A new website/app doesn't have to deal with old stuff so it's free to innovate
its UX, ideas, etc. I also don't like the idea of not using existing work, but
sometimes that's better than trying to adapt a system to do something
completely opposite to its original goals.

I don't intend to be quite critical, but as an amateur cook I just don't see
the need for this. Traditional cookbooks + reading a book like Ratio by
Michael Ruhlman will serve your time far better in my opinion.

------
app4soft
The only thing missed in _Wikibooks_ — export to PDF is disabled now.[0]

[0]
[https://www.reddit.com/r/wikipedia/comments/8yta9l/how_get_p...](https://www.reddit.com/r/wikipedia/comments/8yta9l/how_get_pdf_export_convert_from_wikibook_now/)

------
nickthemagicman
I need a decent json schema for a recipe.
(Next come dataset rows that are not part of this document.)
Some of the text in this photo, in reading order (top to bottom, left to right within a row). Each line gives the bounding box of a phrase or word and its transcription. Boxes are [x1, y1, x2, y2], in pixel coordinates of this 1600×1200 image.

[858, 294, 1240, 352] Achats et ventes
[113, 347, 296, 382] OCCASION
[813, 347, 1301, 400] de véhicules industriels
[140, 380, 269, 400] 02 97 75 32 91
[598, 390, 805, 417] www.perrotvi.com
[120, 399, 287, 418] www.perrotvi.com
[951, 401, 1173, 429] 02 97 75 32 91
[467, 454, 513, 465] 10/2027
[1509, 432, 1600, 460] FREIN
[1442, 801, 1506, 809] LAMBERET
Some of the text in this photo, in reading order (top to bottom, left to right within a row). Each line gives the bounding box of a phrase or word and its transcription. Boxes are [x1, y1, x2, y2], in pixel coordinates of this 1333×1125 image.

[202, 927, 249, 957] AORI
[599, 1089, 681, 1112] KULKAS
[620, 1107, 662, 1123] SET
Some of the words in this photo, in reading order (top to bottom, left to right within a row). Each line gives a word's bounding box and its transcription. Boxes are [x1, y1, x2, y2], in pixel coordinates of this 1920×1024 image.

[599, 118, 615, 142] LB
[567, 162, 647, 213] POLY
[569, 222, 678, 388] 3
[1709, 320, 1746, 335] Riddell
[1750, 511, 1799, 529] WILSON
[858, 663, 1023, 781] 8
There are some out there but they
have problems. Can we all agree on a recipe json schema so we can put our
recipes in json and share them and make apps on top of them? I'm talking a
schema that has quantity that can be plugged into IoT devices.

------
aaron695
>
> [https://en.wikibooks.org/wiki/Cookbook:Roasting](https://en.wikibooks.org/wiki/Cookbook:Roasting)

> Roasted foods get drier and browned on the outside by initially exposing it
> to a high temperature. This keeps most of the moisture from being cooked out
> of the food.

This is scientifically wrong I believe.

This is a common problem with attempts at axioms of cooking online like
cooking.stackexchange.com it just can't be crowd source using known methods.
It's mostly incorrect information.

Solve this and you will allow a lot of great wikis happen, but most topics are
stuck here.

Roughly Maths->Physics->Chemistry are ok, then it starts to fail Biology ->

------
codeontheedge
I use Bing Recipes for all my recipe needs and I think it does a great job.
It's a little rough around the edges, but you can tell its a dedicated
investment on their side.

------
mmahemoff
I thought it was programming "recipes" for working with Wikimedia at first.

The FAQ should probably mention the year it began, which is 2004 going by
homepage history.

------
dhosek
I misread the title as Mediawiki cookbook and was disappointed to learn that
it wasn't filled with handy tips for customizing a mediawiki site.

------
axiomdata316
I looked up wings and got Wings 3d user manual. Not quite as delicious.